[PROBLEM STATEMENT] Please copy all of the data that follows exactly, leaving any pictures out.

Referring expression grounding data
┄┄┄┄┄┄┄┄┄┄┄┄┄┄┄┄┄┄┄┄
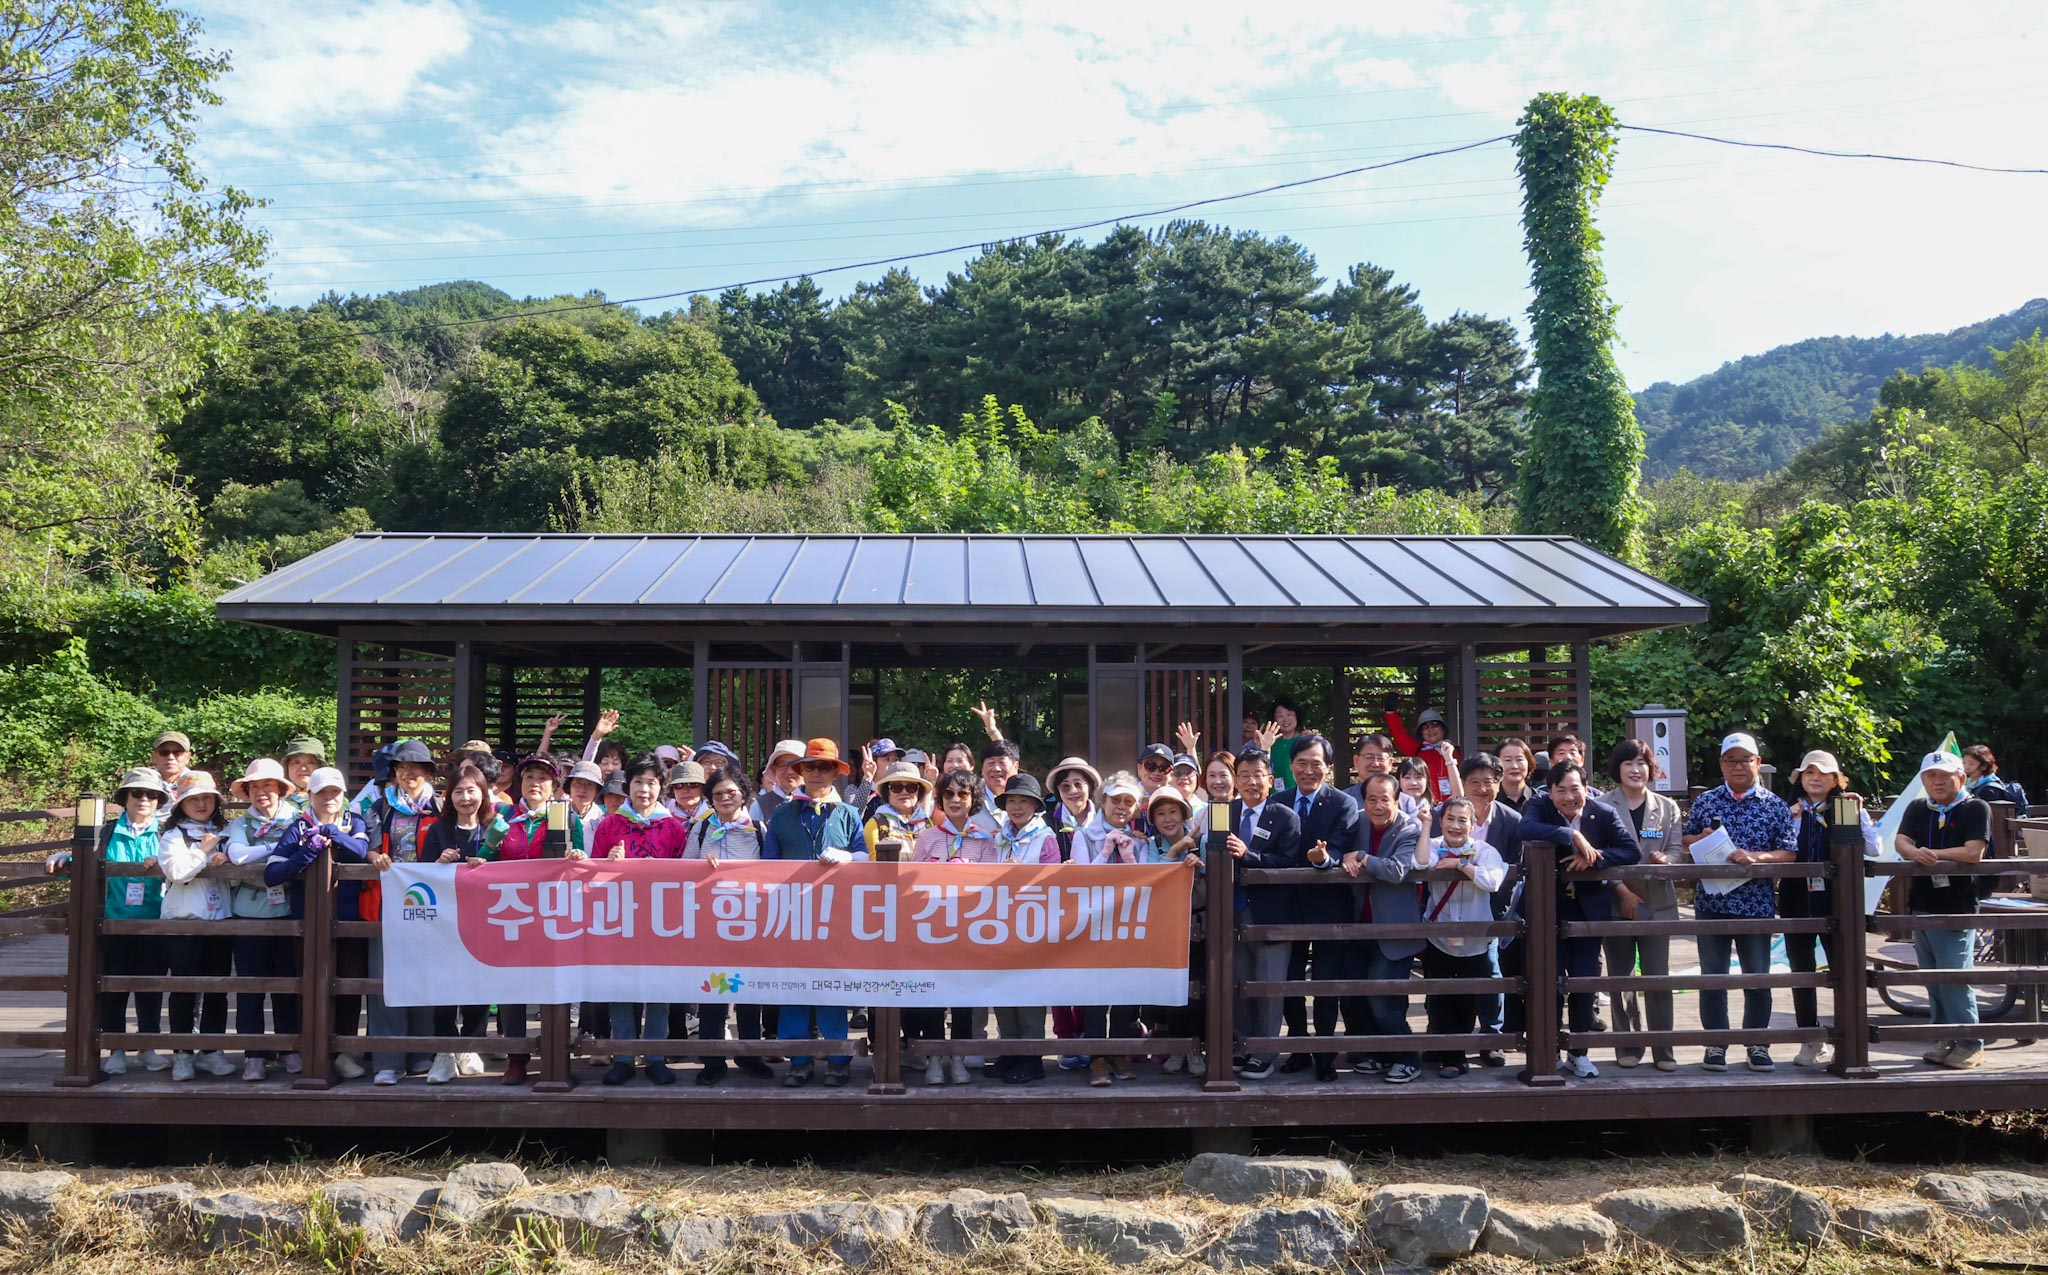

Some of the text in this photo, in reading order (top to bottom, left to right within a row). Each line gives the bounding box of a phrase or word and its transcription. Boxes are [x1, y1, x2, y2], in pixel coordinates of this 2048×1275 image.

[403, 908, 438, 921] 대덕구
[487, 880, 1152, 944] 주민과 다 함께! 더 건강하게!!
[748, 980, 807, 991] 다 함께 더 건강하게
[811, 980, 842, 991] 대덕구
┄┄┄┄┄┄┄┄┄┄┄┄┄┄┄┄┄┄┄┄
[WRITTEN ANSWER]
Some of the text in this photo, in reading order (top to bottom, left to right within a row). Each line gives the bounding box of a phrase or word and its transcription. Boxes are [x1, y1, x2, y2], in pixel coordinates of this 2048×1275 image.

[403, 908, 438, 921] 대덕구
[487, 880, 1152, 944] 주민과 다 함께! 더 건강하게!!
[748, 980, 807, 991] 다 함께 더 건강하게
[811, 980, 842, 991] 대덕구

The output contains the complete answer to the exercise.